Recently, using genome-wide association studies (GWASs), the PRDM6 gene has been shown to affect multiple, apparently unrelated inherited traits, including bone density and body mass index; therefore, it was regarded as a potentially pleiotropic gene [12,13]. The formation of the skeleton is part of the early development of an organism [14,15]. Hu et al. found that the PRDM6 mutation was associated with bone development, bone density, and body mass index [12]. We hypothesized that the PRDM6 gene might play an essential role in early growth stages and might affect goat growth and development. However, whether the PRDM6 gene mutation will influence the growth traits and body shape of goats has still not been reported and is not yet clear. In this study, we investigated whether PRDM6 is related to goat growth in the yearling (18 months old) and adult (36 months old) periods, to provide some scientific basis for the efficient and rapid development of the goat industry.
2. Materials and Methods
2.1. Ethics Statement
The Faculty Animal Policy and Welfare Committee of Northwest A & F University under contract (NWAFU-314020038) approved this experiment, and the experimental process complied with protocols of international guide for the ethical use of animals in research.
2.2. Goat Ear Tissues and Collection of Growth Trait Data
A total of 1044 healthy female SBWC goats, including 567 yearlings (18 months old) and 477 adults (36 months old), were selected randomly to make sure the individuals were not related. Yearling means that goats have not reached body maturity and have not been mated, and adult means that these goats have reached body maturity and have been mated. They were raised on a Shaanbei white cashmere goat farm in Shaanxi Province. Their feeding and living conditions were the same. Growth trait data of SBWCs were measured according to our previous methods [16,17], including heart girth (HG), hip-width (HW), cannon circumference (CC), height at hip cross (HHC), chest depth (CD), chest width (CW), body height (BH), body length (BL) and body weight (BWT). All growth trait data were verified by the technical agricultural station [11]. All ear tissues were collected in July 2018 and immediately soaked in 75% alcohol and taken back to the lab and frozen at −80 °C. Genomic DNA was isolated using the high salt-extraction method from ear tissues [18]. The concentrations of 1044 samples were measured by a Nanodrop 2000 Spectrophotometer, and were diluted to 20 ng/μL and frozen at −40 °C for further experiments [19,20].
2.3. Primer Design and PCR Amplification
From the Ensembl database (https://asia.ensembl.org/index.html), we found goat PRDM6 gene variations.
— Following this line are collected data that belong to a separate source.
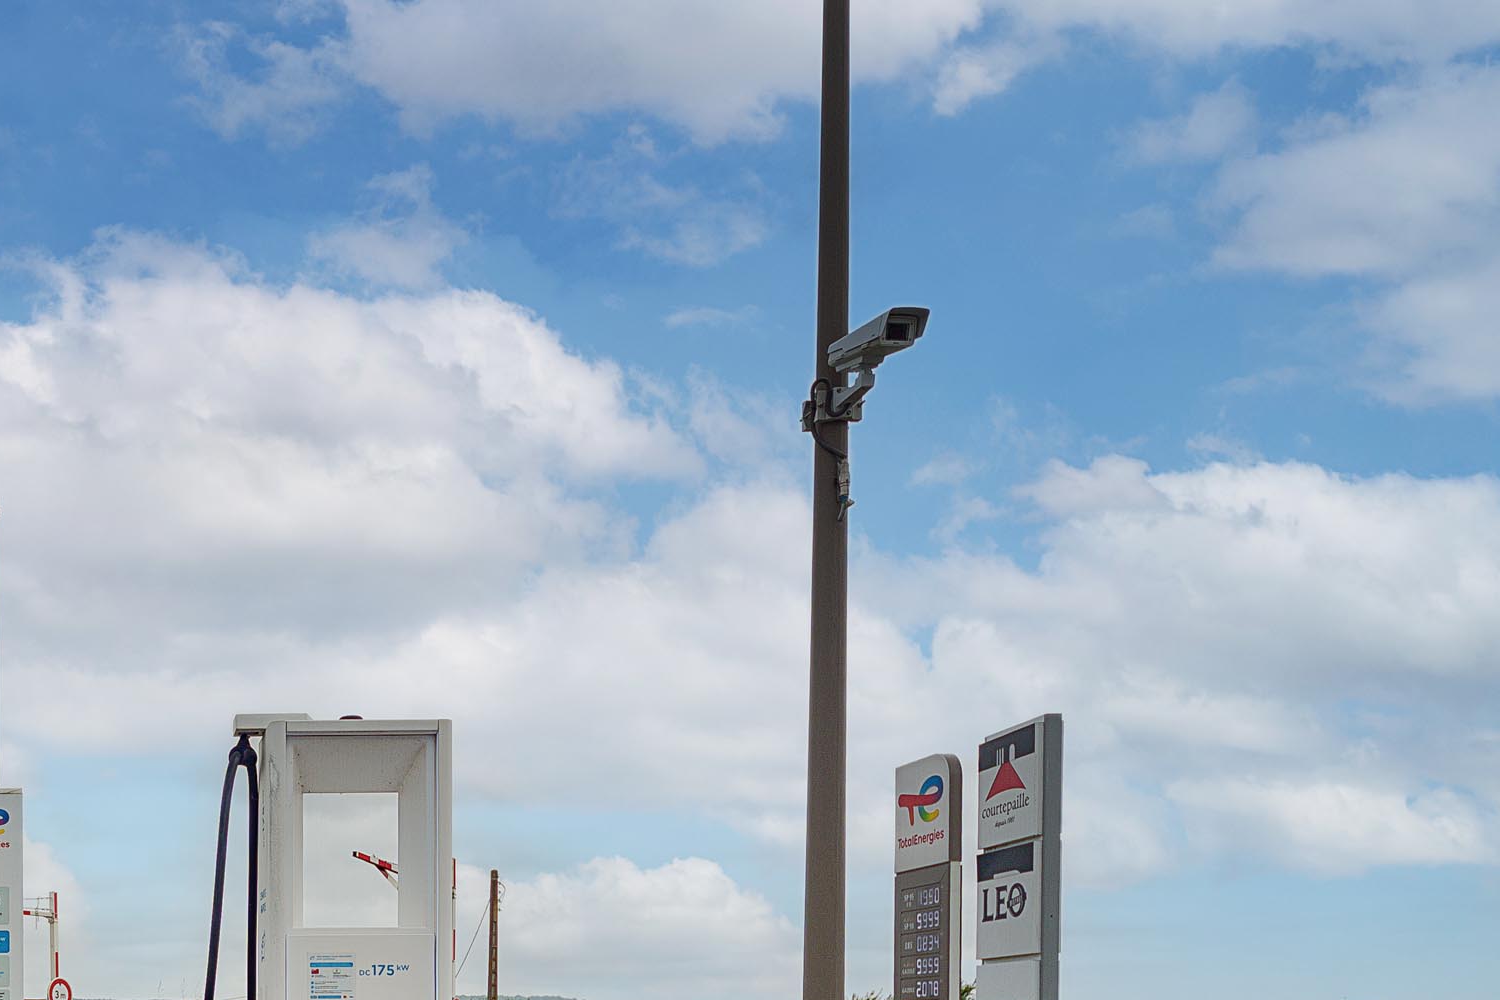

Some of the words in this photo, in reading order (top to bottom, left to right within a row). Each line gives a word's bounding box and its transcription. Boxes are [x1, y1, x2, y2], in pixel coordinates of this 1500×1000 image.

[982, 792, 1029, 819] courtepaille
[898, 829, 944, 849] TotalEnergies
[982, 882, 1027, 922] LEO
[371, 964, 395, 976] 175
[55, 990, 59, 999] 3
According to the variant table of the PRDM6 gene, two putative deletion mutations in upstream and intron 1 of the PRDM6 gene had not been identified before. The two pairs of primers were designed by Primer-Blast of the NCBI website (https://www.ncbi.nlm.nih.gov/tools/primer-blast) based on the goat PRDM6 sequence (NC_030814.1). The PCR reaction contained 1.2 ng genomic DNA using the touchdown PCR procedure. PCR amplification was performed with an initial denaturation at 95 °C for 5 min, followed by 18 cycles at 94 °C for 30 s, 68 °C to 50 °C for 30 s and 72 °C for 12 s, then 34 cycles at 94 °C for 30 s, 50 °C for 30 s and 72 °C for 12 s, with a final extension at 72 °C for 10 min. PCR products were detected by Sanger sequencing and electrophoresis in agarose gel at 3.5% concentration [21].
2.4. Statistical Analyses
Associations of the 12 bp variation locus within the PRDM6 gene with the growth traits of all 1044 individuals were determined using a linear model to show the effects of different parameters on the growth traits of goats. There were influences of different parameters on growth traits: Sij = µ + Gi + Yj + eij. Sij represents the values of growth traits, µ is the mean, Gi is the genotype effect, Yj represents effects of age, and eij is random error [22]. One-way analysis of variance was performed to analyze the correlations between genotypes and growth traits using the SPSS 23.0 software [11]. The analysis results are presented in the form of mean ± standard error (SE). Homozygosity (Ho), heterozygosity (He), and the polymorphism information content (PIC) were calculated according to a previous method [23]. Ho, He, PIC, and the Hardy–Weinberg equilibrium (HWE) were performed using the SHEsis website (http://analysis.bio-x.cn) [24,25].
3. Results
3.1. Identification of Insertion/Deletion Polymorphisms within the PRDM6 Gene
From the Ensembl database (https://asia.ensembl.org/index.html), two putative deletion variants were detected in goat PRDM6 (rs656578433; rs651603667), and their specific positions are shown in Figure 1. The 9 bp deletion mutation (NC_030814.1:rs656578433, g.79928824-79928832delAGTGTTCAC) was located upstream of the PRDM6 gene, and the 12 bp deletion variation (NC_030814.1:rs651603667, g: 79985625-79985636delTTGACTGATCCA) was located in intron 1 of PRDM6. Compared with the wild sequence, 9 bp and 12 bp sequences, respectively, were missing at these two sites. We designed two pairs of specific primers to amplify these two deletion mutations. The results show that only the 12 bp deletion locus was polymorphic in the 1044 SBWC goats. The 12 bp deletion within PRDM6 was detected by P2 (Table 1). The results of agarose gel electrophoresis and sequencing diagrams used to identify the genotypes of the 12 bp variations within PRDM6 are presented in Figure 2 and Figure 3. The results show that the 12 bp mutation locus of the PRDM6 gene was polymorphic and could be detected by agarose gel electrophoresis and Sanger sequencing.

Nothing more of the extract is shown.